Mindful eating, top 5 tips for how to eat more mindfully today

Mindful eating, top 5 tips for how to eat more mindfully today

In the last post we talked about how mindfulness (ability to attend to/ be aware of the present moment) is a foundational habit that is important to cultivate in order to help raise awareness of your behaviours and the impact they have on your health. You also discovered how mindful you are (If you didn’t get a chance to do this, you can do so here).

These days we hear a lot about the importance of mindfulness in the media, which is great, however it is often hard to understand how you can cultivate daily mindfulness (without having to meditate for hours on end!) to help improve your health long term. My aim this week is to summarise what the research says about mindfulness and mindful eating and give you some ways in which you can apply this foundational habit to your life, today.

What does the evidence say about the importance of mindful eating in weight loss?

Many of us eat whilst being constantly distracted by the TV, a partner, a book etc. This can lead us to eating more than anticipated, without even noticing it or not enjoying it as much as we should.

A recent review found that 85% of mindfulness interventions resulted in improvements in mindful eating behaviours (O’Reilly et al., 2014). These studies were not just those focused on building mindful eating practices, they often simply looked at mindfulness to manage stress and anxiety. Demonstrating that being more mindful in general can have a positive impact not only on your eating behaviours but on your mental health too.

If you are someone that feels that they are an emotional or social eater (doing the Weight Loss IQ quiz here can help you understand more about what drives your behaviours), practicing mindfulness is vital as it can help you tune in to your emotions more. This allows you to separate your thoughts from your actions or in other words attend more to what is happening in the present. Thus, enhancing positive coping responses to emotions, and helping break the vicious cycle where your emotions drive how and when you eat.

Mindful eating can be described as the ability to attend to, or be aware of, food cues. Examples of food cues could be taste, texture, smell, chewing, pace of eating, portion size etc.

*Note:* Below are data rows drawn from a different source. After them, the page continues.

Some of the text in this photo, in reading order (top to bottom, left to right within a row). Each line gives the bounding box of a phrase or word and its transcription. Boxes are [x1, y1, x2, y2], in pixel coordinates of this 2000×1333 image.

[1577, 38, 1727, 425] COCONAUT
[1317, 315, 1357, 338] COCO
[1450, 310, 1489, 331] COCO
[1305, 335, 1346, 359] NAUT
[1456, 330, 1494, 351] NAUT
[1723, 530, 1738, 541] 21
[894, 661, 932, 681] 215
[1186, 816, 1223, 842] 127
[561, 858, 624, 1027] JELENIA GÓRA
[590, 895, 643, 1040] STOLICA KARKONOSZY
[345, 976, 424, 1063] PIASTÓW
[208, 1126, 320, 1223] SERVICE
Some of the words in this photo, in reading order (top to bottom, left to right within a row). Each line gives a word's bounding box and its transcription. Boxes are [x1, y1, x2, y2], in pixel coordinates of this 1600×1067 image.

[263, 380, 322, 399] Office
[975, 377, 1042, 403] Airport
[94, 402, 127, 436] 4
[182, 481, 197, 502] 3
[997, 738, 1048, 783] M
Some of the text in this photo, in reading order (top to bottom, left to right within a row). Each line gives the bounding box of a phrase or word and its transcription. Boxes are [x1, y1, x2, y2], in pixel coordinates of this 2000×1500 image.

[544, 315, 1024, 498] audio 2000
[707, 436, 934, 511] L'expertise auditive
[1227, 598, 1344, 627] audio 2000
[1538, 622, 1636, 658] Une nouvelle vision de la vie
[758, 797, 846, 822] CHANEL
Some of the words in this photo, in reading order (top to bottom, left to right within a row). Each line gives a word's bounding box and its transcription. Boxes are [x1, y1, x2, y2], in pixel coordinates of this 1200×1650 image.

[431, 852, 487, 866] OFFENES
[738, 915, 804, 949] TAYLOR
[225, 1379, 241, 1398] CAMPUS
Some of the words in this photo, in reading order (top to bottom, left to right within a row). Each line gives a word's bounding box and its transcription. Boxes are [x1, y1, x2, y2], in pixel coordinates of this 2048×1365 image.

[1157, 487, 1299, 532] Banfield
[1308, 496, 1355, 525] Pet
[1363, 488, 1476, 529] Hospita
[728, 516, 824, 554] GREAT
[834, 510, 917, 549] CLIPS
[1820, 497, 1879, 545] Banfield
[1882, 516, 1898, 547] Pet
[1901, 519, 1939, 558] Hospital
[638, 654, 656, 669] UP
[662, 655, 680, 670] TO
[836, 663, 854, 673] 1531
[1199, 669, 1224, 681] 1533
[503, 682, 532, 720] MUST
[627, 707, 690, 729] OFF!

Mindful eating is beneficial to your health in a number of ways:

  • By eating more mindfully, you learn to eat when you’re hungry, and stop when you’re full.
  • People often realise that unhealthy food isn’t as nice as they thought and are more tuned in to how it negatively effects their mood and energy.
  • Mindful eating helps you understand more around the emotional issues you have with food. It helps us differentiate between eating when our emotions tell us to each rather than eating because we are hungry.
  • It is particularly helpful for social eaters, by helping you attend to food cues better it helps prevent you from being as vulnerable to overeating in social situations.
  • You become more tuned in to your hunger levels and how to differentiate between when you are actually hungry and when you are simply craving something because you are bored or tired etc.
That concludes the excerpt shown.